• DESCRIPTION OF THE TASK: For each record that follows, give it back exactly, with no pictures included.

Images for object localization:
=-=-=-=-=

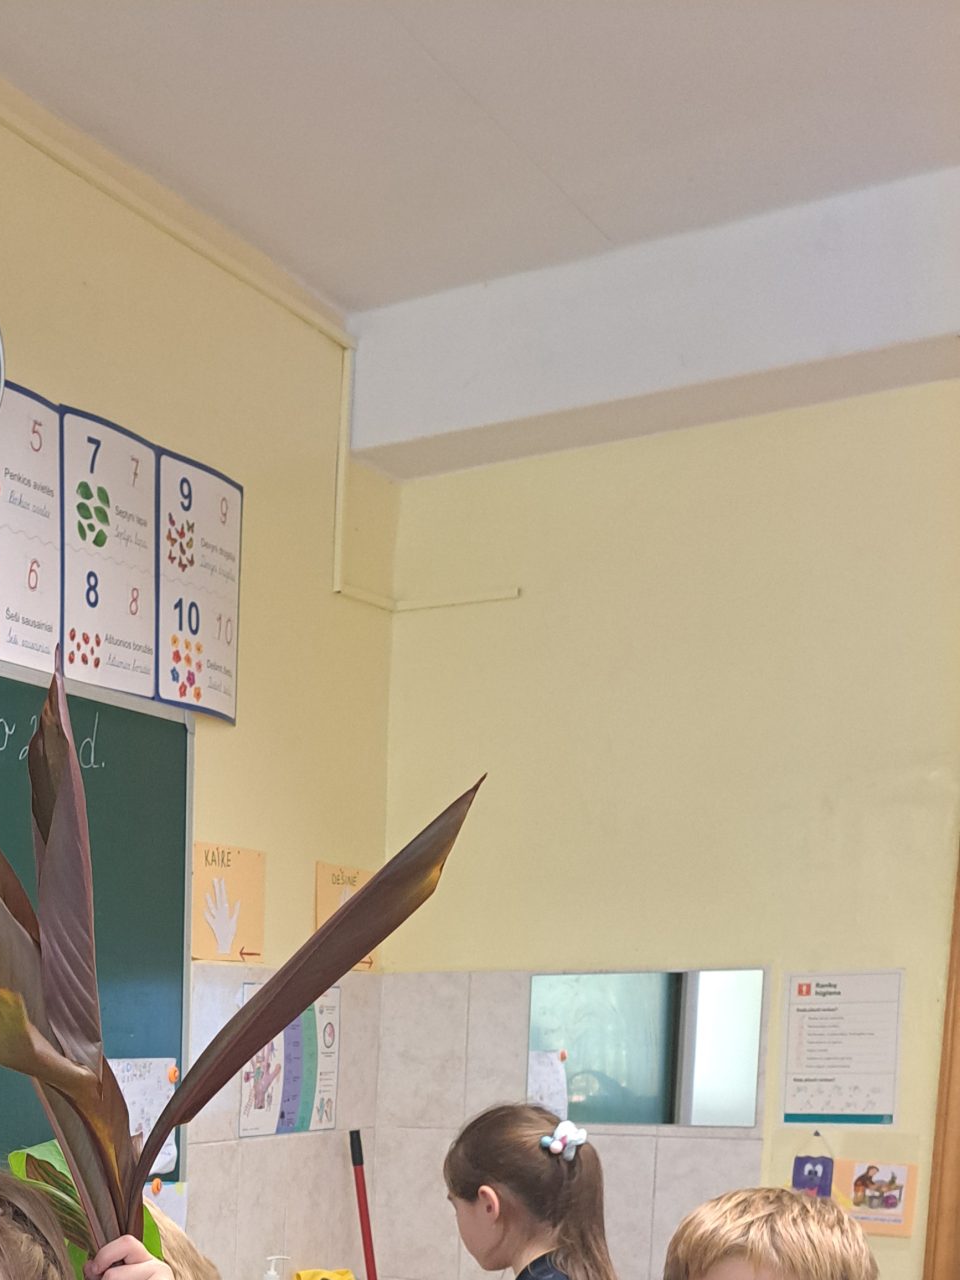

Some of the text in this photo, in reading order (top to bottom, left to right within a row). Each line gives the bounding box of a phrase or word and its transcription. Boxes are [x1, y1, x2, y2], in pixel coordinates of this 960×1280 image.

[29, 419, 43, 452] 5
[86, 436, 101, 474] 7
[129, 455, 140, 488] 7
[179, 477, 192, 512] 9
[219, 497, 229, 526] 9
[27, 559, 40, 592] 6
[86, 570, 99, 608] 8
[129, 587, 139, 616] 8
[173, 597, 200, 636] 10
[216, 613, 234, 646] 10
[79, 712, 106, 768] d.
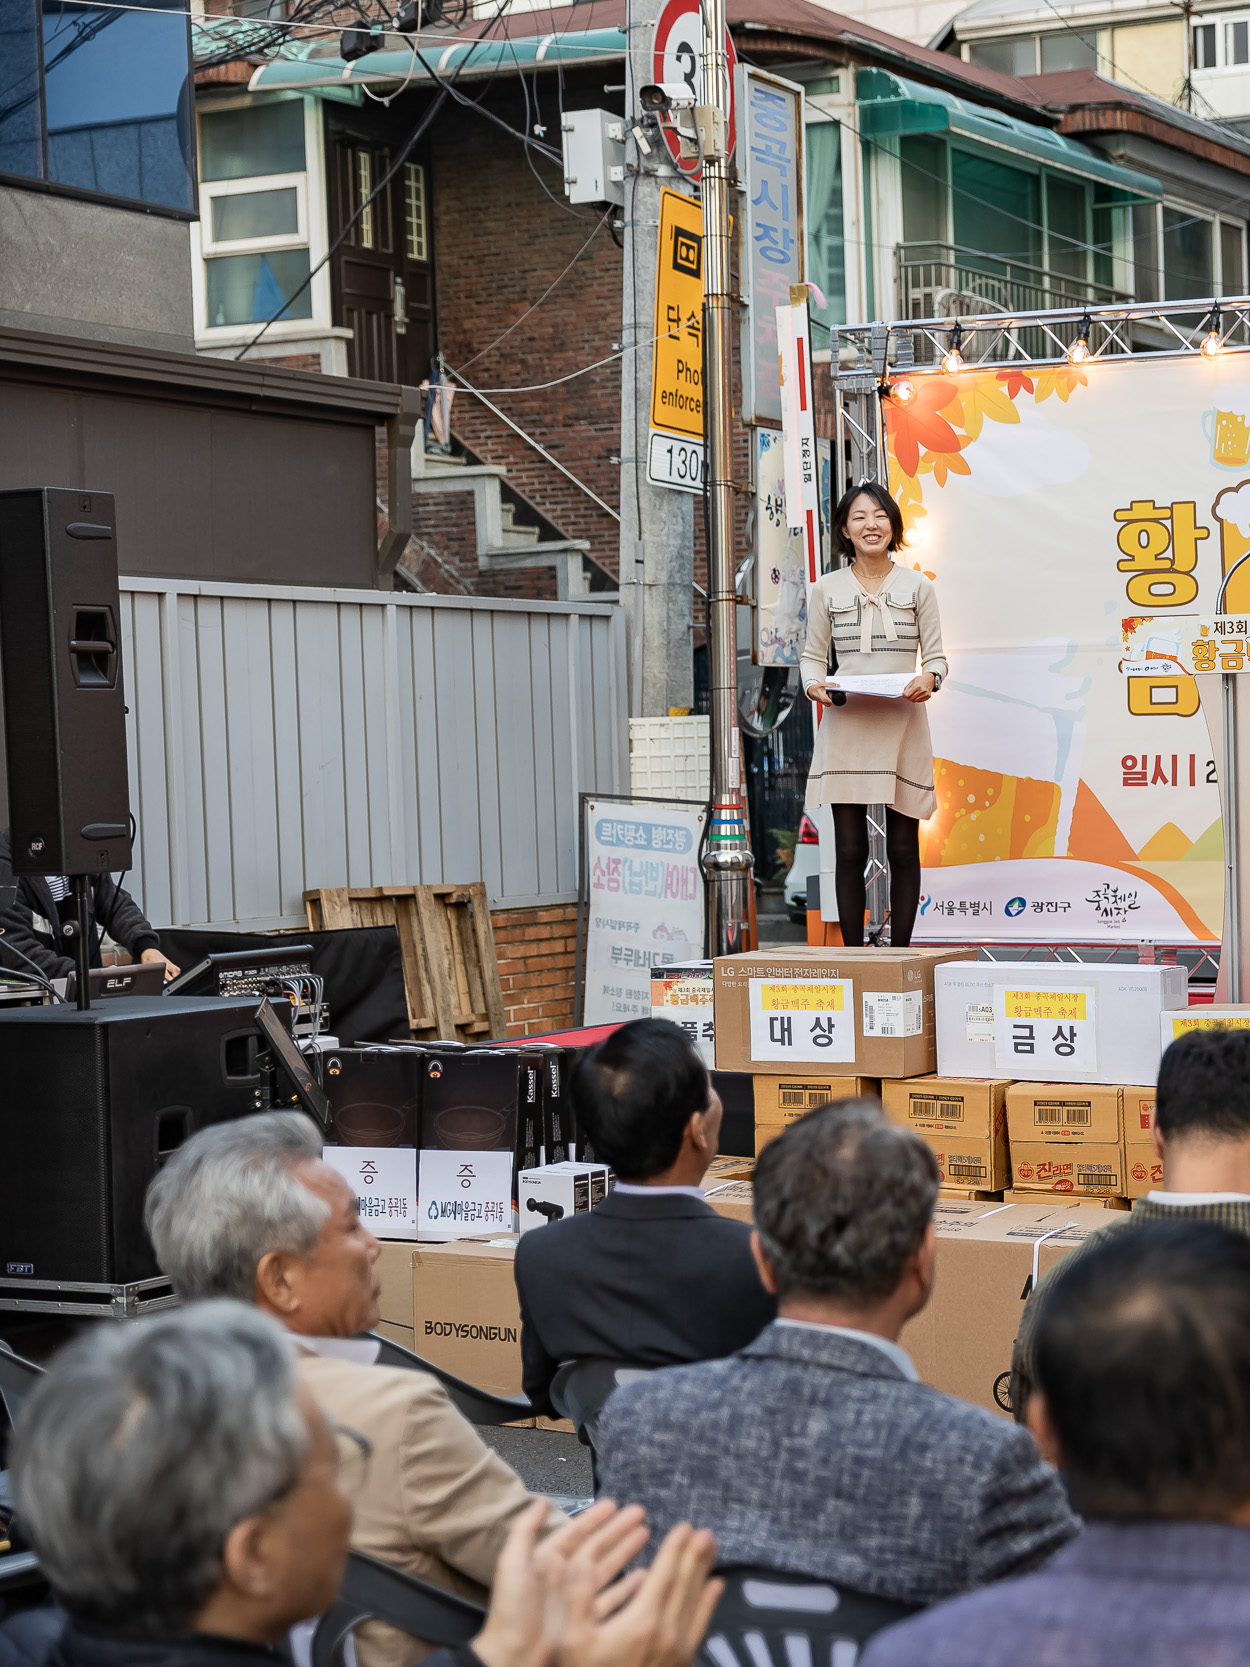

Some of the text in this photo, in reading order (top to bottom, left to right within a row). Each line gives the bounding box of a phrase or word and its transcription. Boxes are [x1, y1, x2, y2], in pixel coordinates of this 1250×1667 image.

[750, 87, 795, 265] 중곡시장
[661, 389, 703, 415] enforce
[666, 445, 706, 483] 130
[801, 437, 811, 484] 일단정지
[1213, 617, 1248, 636] 제3회
[1121, 754, 1178, 788] 일시
[933, 900, 993, 917] 서울특별시
[1030, 901, 1072, 914] 광진구
[721, 966, 735, 977] LG
[738, 967, 765, 978] 스마트
[766, 967, 793, 978] 인버터
[914, 970, 921, 979] LG
[106, 977, 132, 989] ELF
[768, 984, 837, 994] 제3회 중곡제일시장
[771, 998, 836, 1011] 황금맥주 축제
[1012, 991, 1079, 1003] 제3회 중곡제일시장
[1013, 1006, 1078, 1019] 황금맥주 축제
[1180, 1018, 1200, 1028] 제3회
[527, 1069, 535, 1103] Kassel
[551, 1064, 559, 1098] Kassel
[358, 1160, 379, 1185] 증
[456, 1164, 477, 1189] 증
[1036, 1161, 1074, 1180] 진라면
[387, 1197, 408, 1218] 중곡1동
[440, 1200, 505, 1223] MG새마을금고 중곡1동
[9, 1264, 31, 1272] FBT
[424, 1320, 517, 1343] BODYSONGUN

=-=-=-=-=

• WRITTEN RESPONSE:
Some of the text in this photo, in reading order (top to bottom, left to right within a row). Each line gives the bounding box of a phrase or word and its transcription. Boxes are [x1, y1, x2, y2], in pixel coordinates of this 960×1280 image.

[29, 419, 43, 452] 5
[86, 436, 101, 474] 7
[129, 455, 140, 488] 7
[179, 477, 192, 512] 9
[219, 497, 229, 526] 9
[27, 559, 40, 592] 6
[86, 570, 99, 608] 8
[129, 587, 139, 616] 8
[173, 597, 200, 636] 10
[216, 613, 234, 646] 10
[79, 712, 106, 768] d.

Some of the text in this photo, in reading order (top to bottom, left to right within a row). Each line gives the bounding box of a phrase or word and its transcription. Boxes are [x1, y1, x2, y2], in pixel coordinates of this 1250×1667 image.

[750, 87, 795, 265] 중곡시장
[661, 389, 703, 415] enforce
[666, 445, 706, 483] 130
[801, 437, 811, 484] 일단정지
[1213, 617, 1248, 636] 제3회
[1121, 754, 1178, 788] 일시
[933, 900, 993, 917] 서울특별시
[1030, 901, 1072, 914] 광진구
[721, 966, 735, 977] LG
[738, 967, 765, 978] 스마트
[766, 967, 793, 978] 인버터
[914, 970, 921, 979] LG
[106, 977, 132, 989] ELF
[768, 984, 837, 994] 제3회 중곡제일시장
[771, 998, 836, 1011] 황금맥주 축제
[1012, 991, 1079, 1003] 제3회 중곡제일시장
[1013, 1006, 1078, 1019] 황금맥주 축제
[1180, 1018, 1200, 1028] 제3회
[527, 1069, 535, 1103] Kassel
[551, 1064, 559, 1098] Kassel
[358, 1160, 379, 1185] 증
[456, 1164, 477, 1189] 증
[1036, 1161, 1074, 1180] 진라면
[387, 1197, 408, 1218] 중곡1동
[440, 1200, 505, 1223] MG새마을금고 중곡1동
[9, 1264, 31, 1272] FBT
[424, 1320, 517, 1343] BODYSONGUN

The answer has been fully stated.